Matthew Sherman, Ph.D.
Senior Member Technical Staff
BAE SYSTEMS, CNIR
Office: +1 973.633.6344
email: matthew.sherman@baesystems.com

From: owner-stds-802-sec@listserv.ieee.org [mailto:owner-stds-802-sec@listserv.ieee.org] On Behalf Of Stuart Kerry
Sent: Tuesday, December 14, 2004 3:24 PM
To: STDS-802-SEC@listserv.ieee.org
Subject: [802SEC] FW: Plenary Meeting locations
 
802 ExCom Members,
 
I am forwarding the attached email to you all from a member of my Working Group (Bruce Kraemer), who raises genuine concerns over the locations of future 802 Plenary sessions. He has addressed an issue that has been raised that is dear to my heart in connection with our recent ISO effort, which respect to our work as an International body, and therefore I offer this to you in support, for your comments and views.
 
I also ask that you add Bruce to your email replies as he is not on the ExCom reflector.
 
/ Stuart
 

_______________________________

 

Stuart J. Kerry

Chair, IEEE 802.11 WLANs WG

 

Philips Semiconductors, Inc.

1109 McKay Drive, M/S 48A SJ,

San Jose, CA 95131-1706,

United States of America.

 

Ph : +1 (408) 474-7356

Fax: +1 (408) 474-5343

Cell: +1 (408) 348-3171

eMail: stuart.kerry@philips.com

_______________________________

From: Bruce Kraemer [mailto:bruce.kraemer@conexant.com]
Sent: Monday, December 13, 2004 6:10 AM
To: p.nikolich@ieee.org
Cc: jesse.walker@intel.com; everett.o.rigsbee@boeing.com; owner-stds-802-sec@majordomo.ieee.org; Stuart Kerry
Subject: Plenary Meeting locations
 
Dear SEC,
 
  1. I was checking meeting dates and noticed that all of the upcoming 802 Plenaries are scheduled for US locations through 2009! (I include Vancouver)
 
 
  1. I also noted the following news article last week from China Tech News.

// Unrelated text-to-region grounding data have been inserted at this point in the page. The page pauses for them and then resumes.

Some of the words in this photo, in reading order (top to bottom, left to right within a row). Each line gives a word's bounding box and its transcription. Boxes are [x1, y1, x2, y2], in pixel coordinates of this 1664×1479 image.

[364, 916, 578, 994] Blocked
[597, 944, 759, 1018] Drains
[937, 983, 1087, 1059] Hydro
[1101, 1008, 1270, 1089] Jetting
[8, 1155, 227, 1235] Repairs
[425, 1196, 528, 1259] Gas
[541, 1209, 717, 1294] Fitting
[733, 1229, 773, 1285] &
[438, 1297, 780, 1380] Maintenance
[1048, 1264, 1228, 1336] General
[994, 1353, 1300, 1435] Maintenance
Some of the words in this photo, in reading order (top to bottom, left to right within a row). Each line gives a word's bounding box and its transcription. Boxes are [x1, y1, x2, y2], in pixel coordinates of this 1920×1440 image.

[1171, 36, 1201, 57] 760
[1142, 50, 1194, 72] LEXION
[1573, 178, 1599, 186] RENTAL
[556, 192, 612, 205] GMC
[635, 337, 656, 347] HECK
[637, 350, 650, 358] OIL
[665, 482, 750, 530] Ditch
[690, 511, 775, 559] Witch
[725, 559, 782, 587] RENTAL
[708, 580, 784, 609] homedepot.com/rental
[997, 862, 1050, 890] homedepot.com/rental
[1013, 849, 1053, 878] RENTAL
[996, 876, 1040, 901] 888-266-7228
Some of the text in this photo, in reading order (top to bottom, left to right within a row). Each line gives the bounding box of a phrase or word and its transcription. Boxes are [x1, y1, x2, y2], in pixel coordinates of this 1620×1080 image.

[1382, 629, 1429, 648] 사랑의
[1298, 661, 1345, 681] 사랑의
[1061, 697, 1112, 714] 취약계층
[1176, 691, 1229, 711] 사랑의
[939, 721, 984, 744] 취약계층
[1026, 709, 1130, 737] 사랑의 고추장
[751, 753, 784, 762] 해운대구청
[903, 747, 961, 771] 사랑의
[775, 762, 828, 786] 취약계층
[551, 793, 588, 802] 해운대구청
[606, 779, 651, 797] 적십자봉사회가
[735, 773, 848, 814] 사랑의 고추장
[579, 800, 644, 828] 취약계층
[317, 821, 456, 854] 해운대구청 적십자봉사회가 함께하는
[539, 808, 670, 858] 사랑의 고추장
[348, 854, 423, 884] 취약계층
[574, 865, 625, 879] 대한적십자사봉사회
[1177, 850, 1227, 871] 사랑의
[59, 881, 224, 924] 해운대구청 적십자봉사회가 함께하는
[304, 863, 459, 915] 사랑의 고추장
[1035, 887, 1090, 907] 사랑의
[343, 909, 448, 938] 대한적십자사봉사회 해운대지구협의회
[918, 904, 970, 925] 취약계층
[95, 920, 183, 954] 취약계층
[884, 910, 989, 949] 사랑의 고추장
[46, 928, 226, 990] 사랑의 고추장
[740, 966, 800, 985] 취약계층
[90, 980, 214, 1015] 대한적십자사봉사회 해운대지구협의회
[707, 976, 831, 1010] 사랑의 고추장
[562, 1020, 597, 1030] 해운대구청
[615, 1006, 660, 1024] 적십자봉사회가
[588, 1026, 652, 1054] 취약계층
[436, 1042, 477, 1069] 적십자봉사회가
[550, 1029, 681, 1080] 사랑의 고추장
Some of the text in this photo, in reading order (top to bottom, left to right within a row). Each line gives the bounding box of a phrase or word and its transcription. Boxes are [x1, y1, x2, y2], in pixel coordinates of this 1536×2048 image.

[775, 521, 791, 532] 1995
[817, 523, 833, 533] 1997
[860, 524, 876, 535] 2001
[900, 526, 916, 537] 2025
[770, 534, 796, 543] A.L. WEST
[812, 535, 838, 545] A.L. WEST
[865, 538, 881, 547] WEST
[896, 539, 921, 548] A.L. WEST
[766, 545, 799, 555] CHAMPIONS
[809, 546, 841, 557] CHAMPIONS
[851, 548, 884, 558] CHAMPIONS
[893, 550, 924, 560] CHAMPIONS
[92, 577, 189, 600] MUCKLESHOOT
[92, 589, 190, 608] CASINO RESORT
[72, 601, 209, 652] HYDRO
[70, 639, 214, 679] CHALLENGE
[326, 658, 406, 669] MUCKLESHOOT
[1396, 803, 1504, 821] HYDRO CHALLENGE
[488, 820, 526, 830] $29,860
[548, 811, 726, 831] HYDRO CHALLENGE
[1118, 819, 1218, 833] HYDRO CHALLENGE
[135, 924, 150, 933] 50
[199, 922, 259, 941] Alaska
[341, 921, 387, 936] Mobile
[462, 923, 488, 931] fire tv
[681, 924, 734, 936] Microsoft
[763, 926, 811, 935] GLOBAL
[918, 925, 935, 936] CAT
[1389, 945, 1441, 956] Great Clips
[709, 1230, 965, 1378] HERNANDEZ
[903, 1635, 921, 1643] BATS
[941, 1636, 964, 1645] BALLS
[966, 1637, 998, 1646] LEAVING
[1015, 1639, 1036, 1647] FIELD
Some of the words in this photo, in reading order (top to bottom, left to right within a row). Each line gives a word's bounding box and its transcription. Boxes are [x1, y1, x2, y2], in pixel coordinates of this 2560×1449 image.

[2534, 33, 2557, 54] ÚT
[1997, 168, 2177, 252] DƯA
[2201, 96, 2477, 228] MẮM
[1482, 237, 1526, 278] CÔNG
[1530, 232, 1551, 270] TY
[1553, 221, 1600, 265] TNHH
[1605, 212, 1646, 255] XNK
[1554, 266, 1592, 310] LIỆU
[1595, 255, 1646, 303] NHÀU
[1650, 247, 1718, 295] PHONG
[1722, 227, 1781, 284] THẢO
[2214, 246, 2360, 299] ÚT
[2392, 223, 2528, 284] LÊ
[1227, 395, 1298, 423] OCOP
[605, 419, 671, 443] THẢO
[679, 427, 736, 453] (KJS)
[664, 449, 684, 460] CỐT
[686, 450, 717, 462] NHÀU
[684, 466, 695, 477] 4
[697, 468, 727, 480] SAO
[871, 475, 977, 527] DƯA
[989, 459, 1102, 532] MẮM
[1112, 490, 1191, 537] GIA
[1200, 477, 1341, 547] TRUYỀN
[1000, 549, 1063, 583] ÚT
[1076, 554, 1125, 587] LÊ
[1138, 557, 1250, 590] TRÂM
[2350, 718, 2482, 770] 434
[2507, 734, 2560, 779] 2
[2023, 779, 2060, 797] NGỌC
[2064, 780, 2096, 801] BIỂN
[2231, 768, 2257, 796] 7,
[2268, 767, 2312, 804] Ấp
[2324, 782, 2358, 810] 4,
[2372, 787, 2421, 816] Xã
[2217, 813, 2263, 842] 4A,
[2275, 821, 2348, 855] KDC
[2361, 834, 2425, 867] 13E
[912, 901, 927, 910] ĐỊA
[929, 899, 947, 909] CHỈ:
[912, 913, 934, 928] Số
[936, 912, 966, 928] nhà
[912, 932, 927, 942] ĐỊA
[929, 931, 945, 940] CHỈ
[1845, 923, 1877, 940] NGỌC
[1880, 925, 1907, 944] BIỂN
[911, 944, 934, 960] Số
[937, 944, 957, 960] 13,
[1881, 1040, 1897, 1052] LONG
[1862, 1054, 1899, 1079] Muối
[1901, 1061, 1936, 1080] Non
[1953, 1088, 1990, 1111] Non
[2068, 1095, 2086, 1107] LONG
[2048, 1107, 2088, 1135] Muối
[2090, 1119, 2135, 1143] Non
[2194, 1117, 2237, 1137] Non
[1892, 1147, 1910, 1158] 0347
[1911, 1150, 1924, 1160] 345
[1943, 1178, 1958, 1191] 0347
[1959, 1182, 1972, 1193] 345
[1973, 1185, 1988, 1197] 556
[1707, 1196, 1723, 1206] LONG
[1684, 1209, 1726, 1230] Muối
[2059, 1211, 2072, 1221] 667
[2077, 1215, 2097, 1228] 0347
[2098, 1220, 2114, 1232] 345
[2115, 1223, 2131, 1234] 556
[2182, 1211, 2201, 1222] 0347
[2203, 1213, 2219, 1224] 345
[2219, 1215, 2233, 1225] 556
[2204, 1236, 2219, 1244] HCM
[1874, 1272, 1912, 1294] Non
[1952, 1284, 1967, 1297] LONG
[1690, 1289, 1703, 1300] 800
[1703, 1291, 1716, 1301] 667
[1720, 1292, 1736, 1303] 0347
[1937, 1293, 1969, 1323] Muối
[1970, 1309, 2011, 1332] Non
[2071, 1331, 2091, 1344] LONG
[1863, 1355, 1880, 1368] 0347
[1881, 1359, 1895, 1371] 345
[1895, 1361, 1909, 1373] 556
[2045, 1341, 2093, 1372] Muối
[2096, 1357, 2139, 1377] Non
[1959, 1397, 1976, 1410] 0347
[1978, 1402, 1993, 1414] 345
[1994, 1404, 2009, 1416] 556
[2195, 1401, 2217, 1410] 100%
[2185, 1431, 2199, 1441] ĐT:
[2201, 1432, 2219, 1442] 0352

While highly biased it does illustrate my point.
 
WAPI Proposal Finally Acknowledged By International Organization
December 9, 2004
After many ups and downs, the Chinese-sponsored WAPI (Wireless LAN Authentication and Privacy Infrastructure) standard has seen a new twist--it has finally been acknowledged by the International Standardization Organization during the ISO/IEC JTC1 SC6 session.
WAPI will be pushed within ISO/IEC JTC1 SC6 along with America's IEEE 802.11i, and WAPI will be put on the agenda of the SC 6 WG1 meeting scheduled for February 2005.
Local reports say that the Chinese delegation successfully made their bid by forcing the US side to issue a statement that both WAPI and 802.11i can be deployed together.
 
 
 
  1. Although the IEEE 802 may wish to call itself an inter-national standards body it has been pointed out many times that such a view is not universally held. 802 needs to seriously consider changing meeting venues as one means to back up the rhetoric. The individual working groups have been more proactive in distributing their meeting locations which obviously helps but is not sufficient. Please consider including inter-national 802 plenary  locations as soon as possible.